Near the northwest corner of our farm in western Kentucky, there was a small woods. Probably no more than an acre of so of hickory, oak, and ash, with a scattering of scrub brush and maybe a dogwood or two. Inside that small plot of trees was an even smaller pond.
If memory serves me well, and it still does from time to time, the pond was oval shaped, about fifty feet across and a hundred feet long. Though I never measured, I would guess that it was not more than six feet deep in its center. Surrounded by trees, the water was stained by the accumulated years of leaves decomposing at its bottom. A hint of bronze color tinted its clear water. Located near the top of the slope, it was never the muddy color of the bigger pond that Dad hired dug over between one of the tobacco barns and the hay barn.
Sometimes, I would go up to the little pond and pitch rocks in for the sole purpose of watching the ripples spread out across the water. Perfect circles of concentric motion spreading across the surface and moving all the way to the banks.
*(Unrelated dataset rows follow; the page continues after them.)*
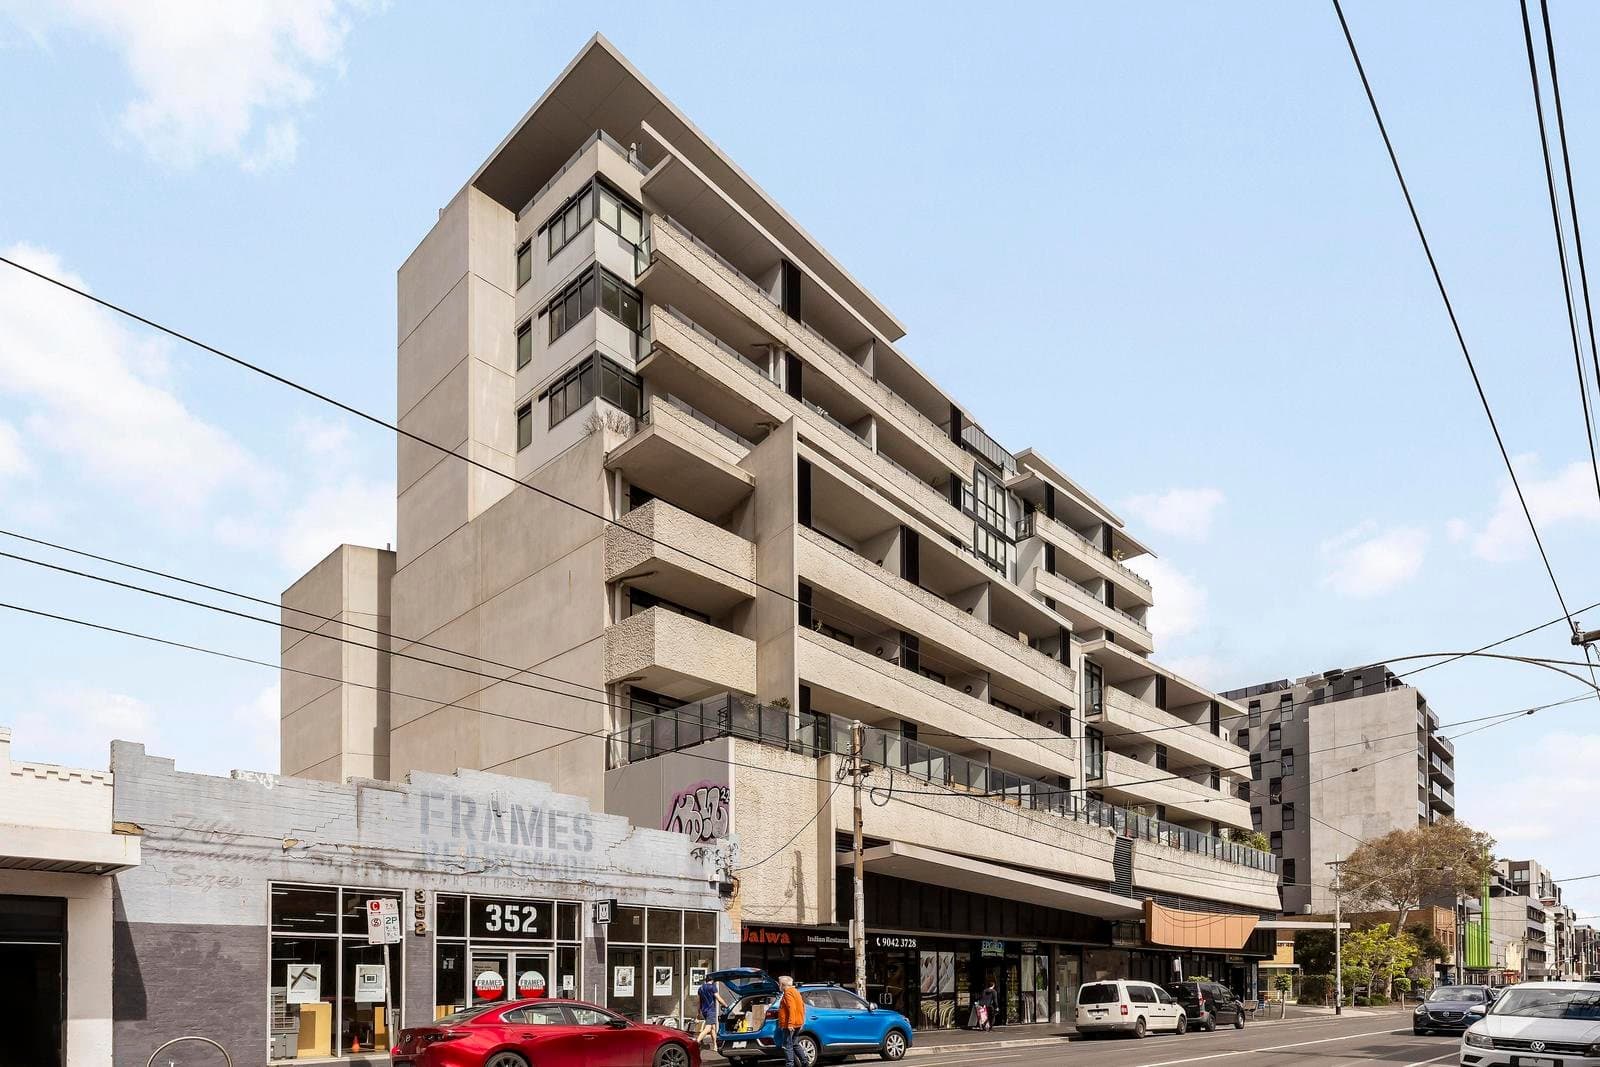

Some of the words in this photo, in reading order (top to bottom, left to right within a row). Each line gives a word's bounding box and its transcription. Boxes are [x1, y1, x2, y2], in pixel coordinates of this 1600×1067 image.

[420, 790, 593, 852] FRAMES
[415, 889, 426, 937] 352
[485, 904, 538, 933] 352
[742, 927, 792, 944] Jalwa
[882, 938, 899, 947] 9042
[900, 939, 917, 948] 3728
I noticed that the ripples always made it to the closest bank first but eventually reached all sides. And then, each time, the ripples would get smaller and smaller and then gradually fade out. When the surface was once again calm and smooth, I’d pitch in another rock.
Sometimes, I’d pitch in two rocks at different spots and watch their respective ripples move out. In the space in between, they’d intersect and seem to move through each other, only slightly diminished by the collision. Other times, I’d get the biggest rock I could find and heave it out as far as I could. The bigger the rock, the bigger the ripples. Of course, right where the big rocks entered the water, they’d create something like an explosion. With a loud “kerplunk,” they sunk rapidly and sent up a plume of water at the spot. Then, the ripples.
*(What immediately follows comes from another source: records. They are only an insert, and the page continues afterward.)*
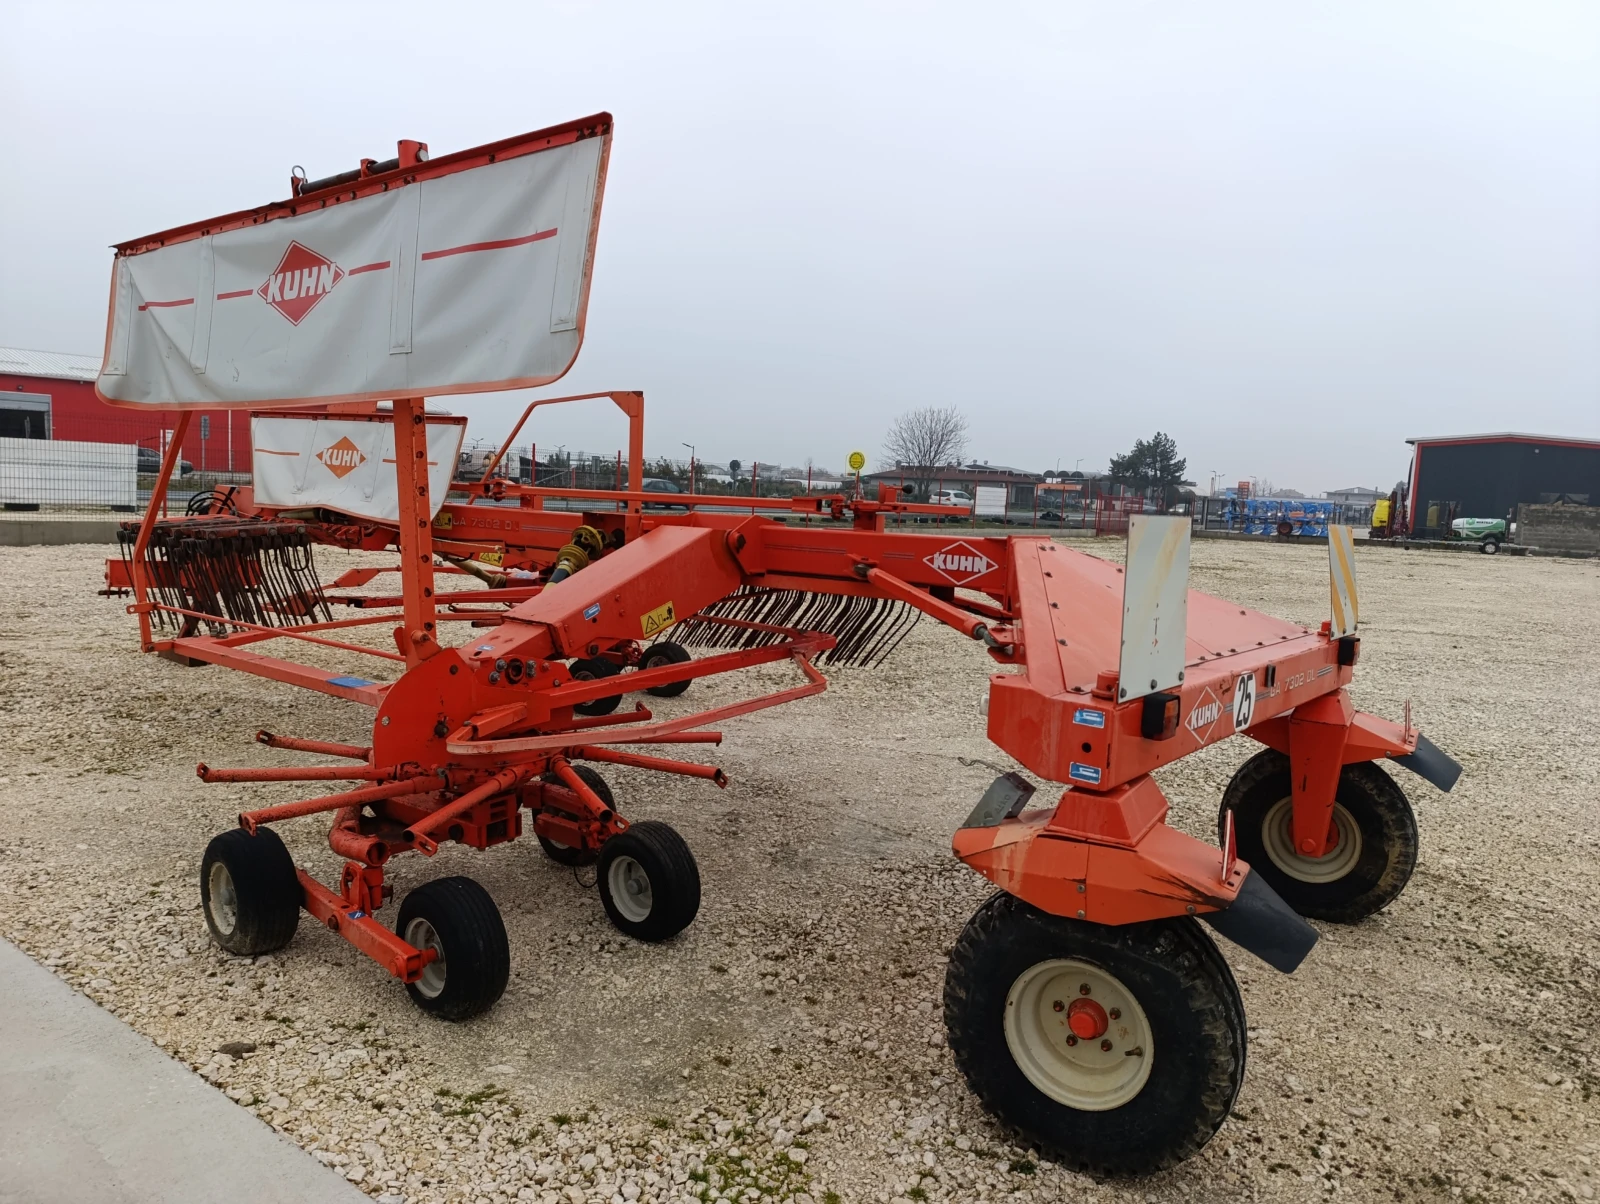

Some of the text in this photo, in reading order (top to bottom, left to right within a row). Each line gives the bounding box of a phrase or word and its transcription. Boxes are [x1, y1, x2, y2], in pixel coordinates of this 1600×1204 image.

[266, 262, 337, 304] KUHN
[321, 448, 361, 467] KUHN
[471, 517, 500, 530] 7302
[933, 552, 988, 573] KUHN
[1284, 672, 1304, 692] 7302
[1306, 669, 1316, 683] DL
[1235, 673, 1253, 728] 25
[1190, 701, 1219, 730] KUHN
At some point, I got the idea of tossing out a dry stick and trying to hit it with a big rock to see if I could sink it. Nope, never could. Even though it might get really socked and bob up and down, I was never able to sink a stick with even the biggest rock.
Recently, those memories of rocks and ripples resonated with the news that Randa’s brother had just been diagnosed with cancer. A couple of months earlier, my first wife and the mother of my six children found out she has cancer in pretty advanced stage. Several months ago, a member of a church where I used to preach. Over the years, there’d been others: my grandfather Pop Herndon when I was just eleven or twelve years old, Randa’s dad Scottie Burleson when he was only sixty-three. My first father-in-law back in the Eighties. My oldest sister about ten years ago. Parents of friends and folks I knew at church. Friends and colleagues. Some have survived, some have not.
Each time, the news hit like a rock plunging into a quiet pond. The closer the relationship, the bigger the splash and the longer the ripples last. Sometimes it’s just another disruption and sometimes it feels like the rock landed right on top of you.
In every case, I am reminded of my own mortality and the nature of nature in this world. Each splash, each ripple, a measure of relationship and empathy and caring. Each stone brings its own testings into the waters; each splash reveals the nature of our own faith and resilience.
One day, every stone will lie quiet beneath the water, anchored into the ongoing transformation of leaves and silt far beneath the surface. Every ripple will have faded into the banks.
Yet I will still give thanks for every moment and every memory, still praise the One Who Walks Upon the Waters. And take comfort from the voice that calmed the seas.